TASK TO COMPLETE:
An exact copy of the listing below is required, minus its pictures.
--- MATERIAL SHOWN Enclosed Below ---
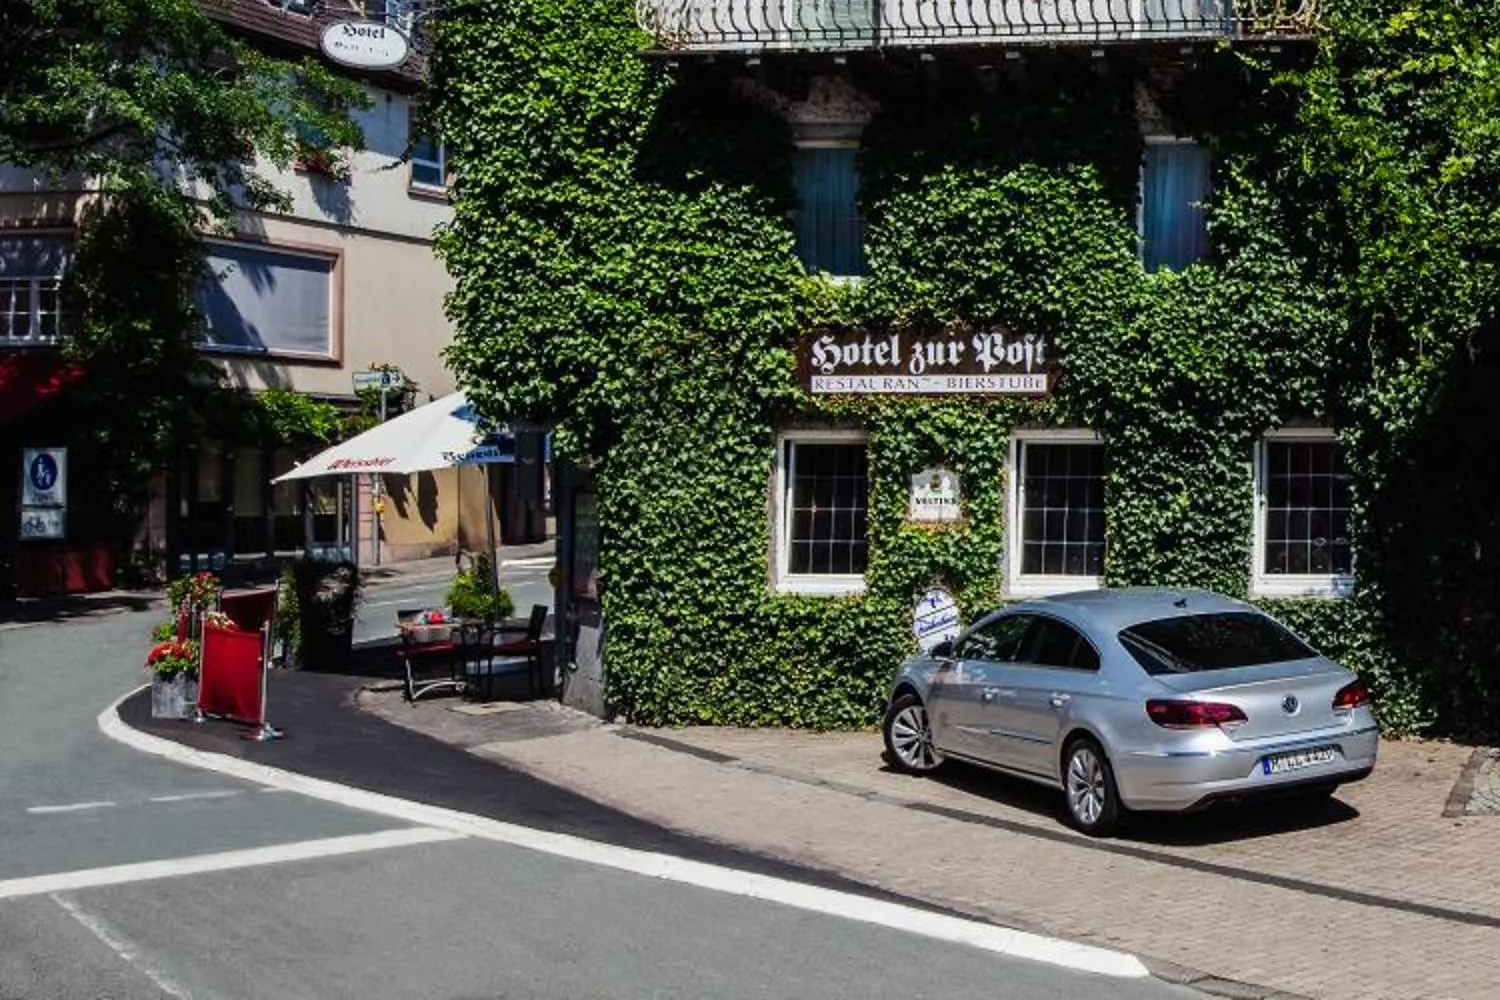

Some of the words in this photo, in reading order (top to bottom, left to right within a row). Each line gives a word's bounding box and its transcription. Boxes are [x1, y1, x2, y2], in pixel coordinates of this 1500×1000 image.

[343, 22, 386, 40] Hotel
[811, 334, 901, 375] Hotel
[909, 340, 966, 375] zur
[972, 332, 1048, 373] Post
--- End of Enclosed MATERIAL SHOWN ---
SOLUTION:
Some of the words in this photo, in reading order (top to bottom, left to right within a row). Each line gives a word's bounding box and its transcription. Boxes are [x1, y1, x2, y2], in pixel coordinates of this 1500×1000 image.

[343, 22, 386, 40] Hotel
[811, 334, 901, 375] Hotel
[909, 340, 966, 375] zur
[972, 332, 1048, 373] Post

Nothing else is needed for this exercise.